- Opening Delimiter -

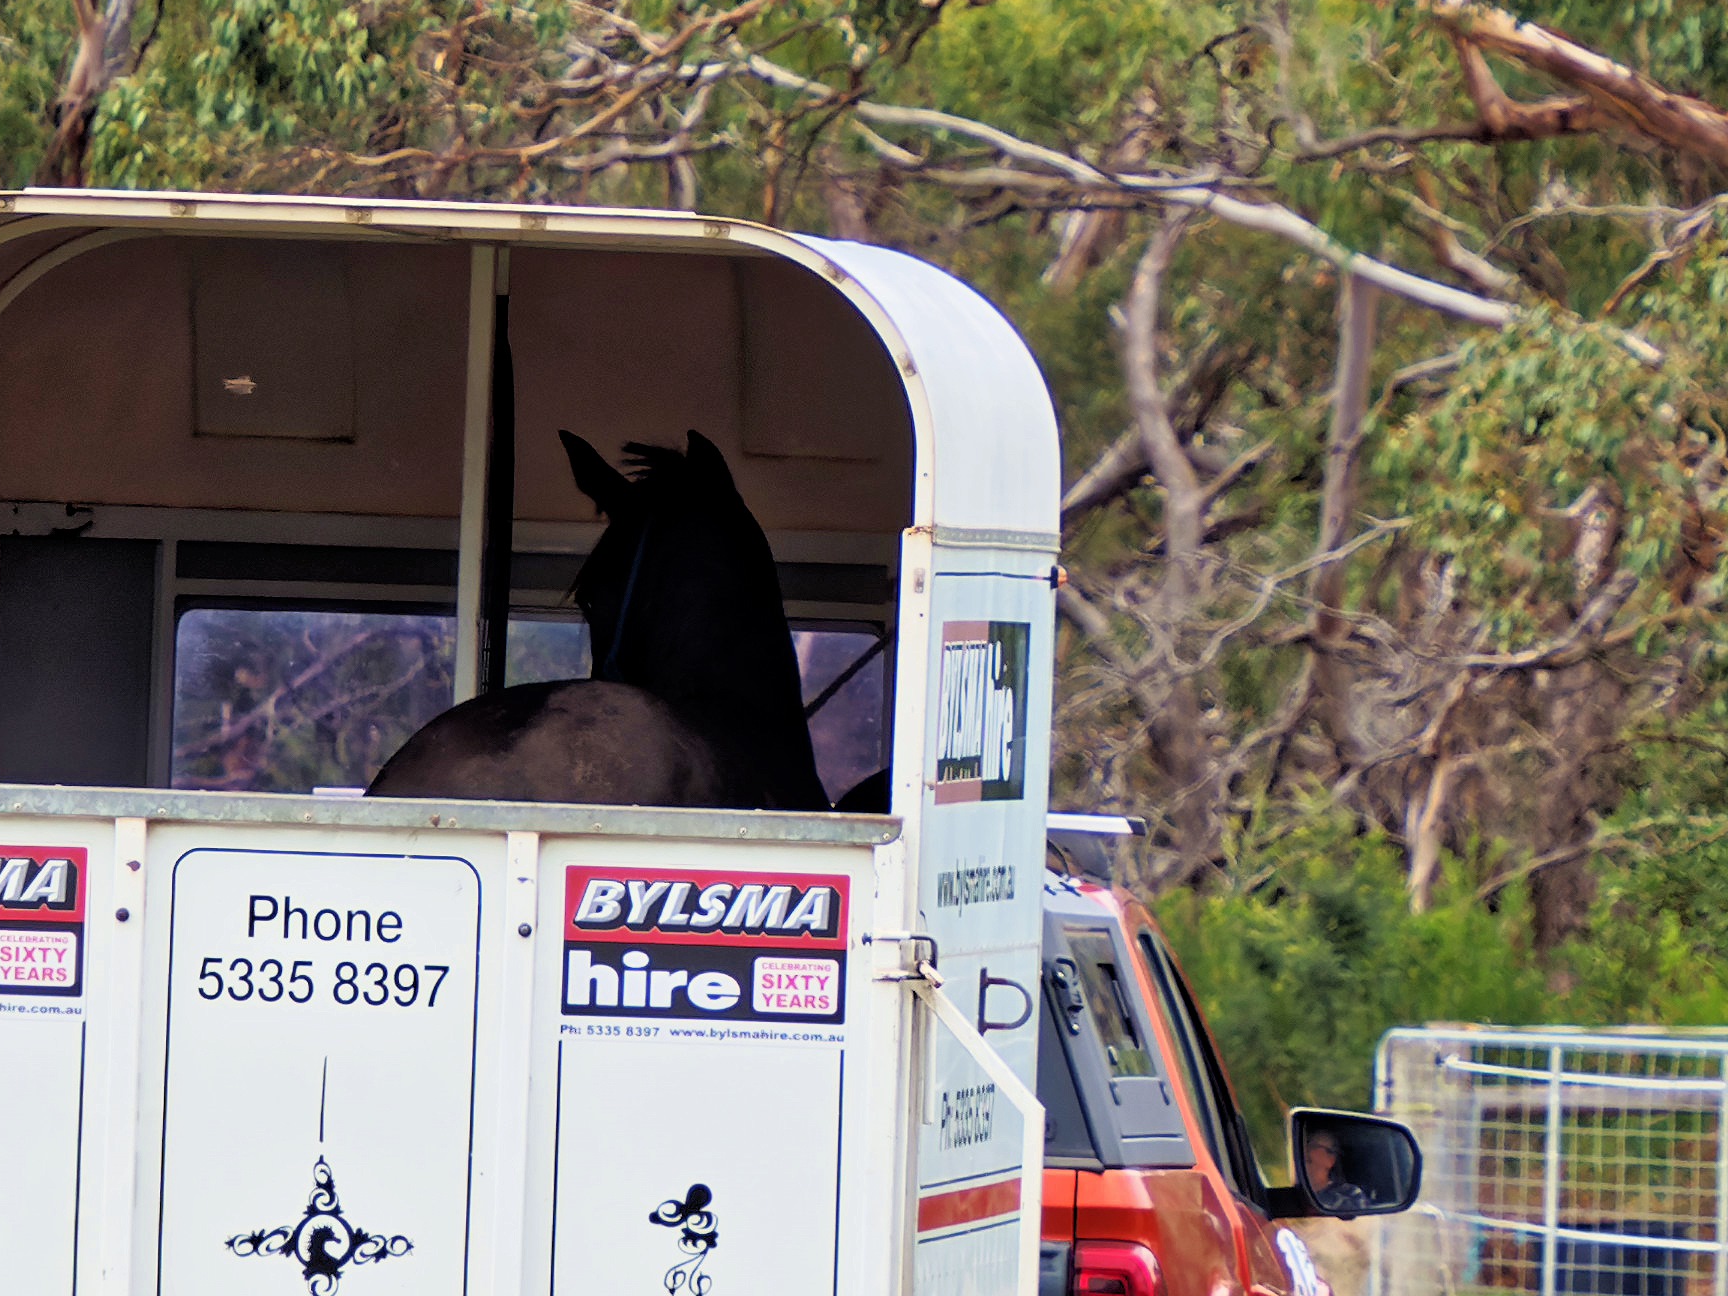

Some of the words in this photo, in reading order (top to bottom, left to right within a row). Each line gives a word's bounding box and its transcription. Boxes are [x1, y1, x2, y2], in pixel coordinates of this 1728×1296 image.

[982, 641, 1013, 781] hire
[574, 878, 839, 938] BYLSMA
[248, 895, 403, 943] Phone
[0, 934, 69, 944] CELEBRATING
[0, 946, 68, 963] SIXTY
[0, 966, 68, 982] YEARS
[761, 962, 832, 972] CELEBRATING
[198, 957, 315, 1003] 5335
[332, 961, 450, 1007] 8397
[567, 949, 741, 1010] hire
[762, 974, 830, 991] SIXTY
[762, 993, 830, 1009] YEARS
[560, 1024, 582, 1036] Ph:
[587, 1025, 621, 1037] 5335
[626, 1026, 660, 1038] 8397
[669, 1028, 845, 1044] www.bylsmahire.com.au
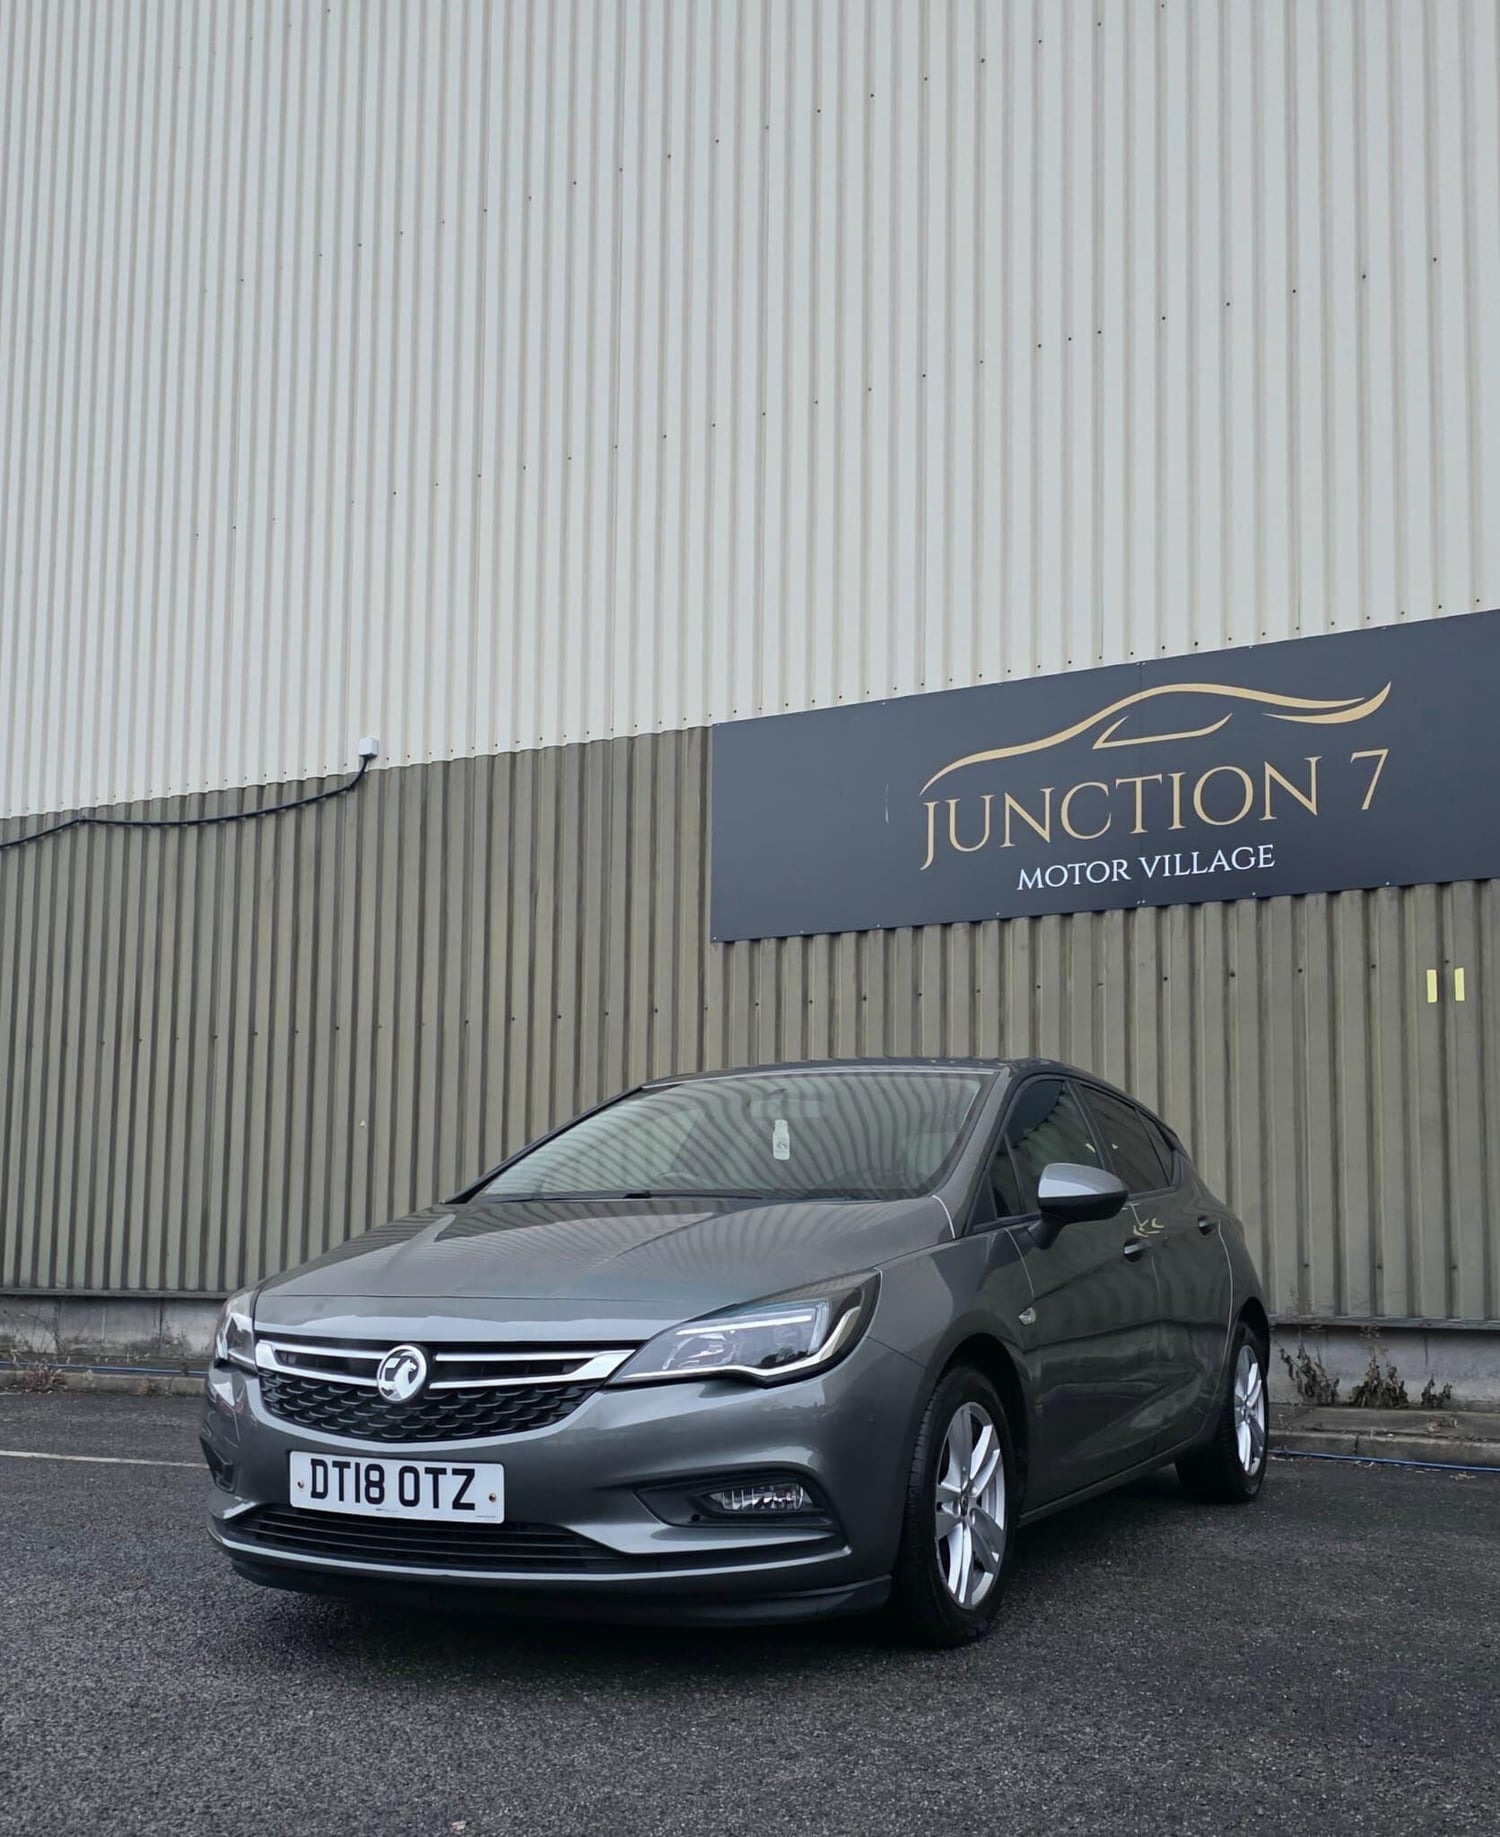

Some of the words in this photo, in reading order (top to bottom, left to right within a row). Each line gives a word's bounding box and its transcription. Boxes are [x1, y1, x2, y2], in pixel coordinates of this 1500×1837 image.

[920, 756, 1322, 870] JUNCTION
[1350, 749, 1390, 811] 7
[1017, 857, 1132, 891] MOTOR
[1138, 844, 1276, 879] VILLAGE
[310, 1458, 385, 1505] DT18
[398, 1465, 476, 1511] OTZ

- Closing Delimiter -

- GOAL OF THE EXERCISE
Produce a word-for-word copy of the records, omitting all images.

- EXERCISE OUTPUT
Some of the words in this photo, in reading order (top to bottom, left to right within a row). Each line gives a word's bounding box and its transcription. Boxes are [x1, y1, x2, y2], in pixel coordinates of this 1728×1296 image.

[982, 641, 1013, 781] hire
[574, 878, 839, 938] BYLSMA
[248, 895, 403, 943] Phone
[0, 934, 69, 944] CELEBRATING
[0, 946, 68, 963] SIXTY
[0, 966, 68, 982] YEARS
[761, 962, 832, 972] CELEBRATING
[198, 957, 315, 1003] 5335
[332, 961, 450, 1007] 8397
[567, 949, 741, 1010] hire
[762, 974, 830, 991] SIXTY
[762, 993, 830, 1009] YEARS
[560, 1024, 582, 1036] Ph:
[587, 1025, 621, 1037] 5335
[626, 1026, 660, 1038] 8397
[669, 1028, 845, 1044] www.bylsmahire.com.au

Some of the words in this photo, in reading order (top to bottom, left to right within a row). Each line gives a word's bounding box and its transcription. Boxes are [x1, y1, x2, y2], in pixel coordinates of this 1500×1837 image.

[920, 756, 1322, 870] JUNCTION
[1350, 749, 1390, 811] 7
[1017, 857, 1132, 891] MOTOR
[1138, 844, 1276, 879] VILLAGE
[310, 1458, 385, 1505] DT18
[398, 1465, 476, 1511] OTZ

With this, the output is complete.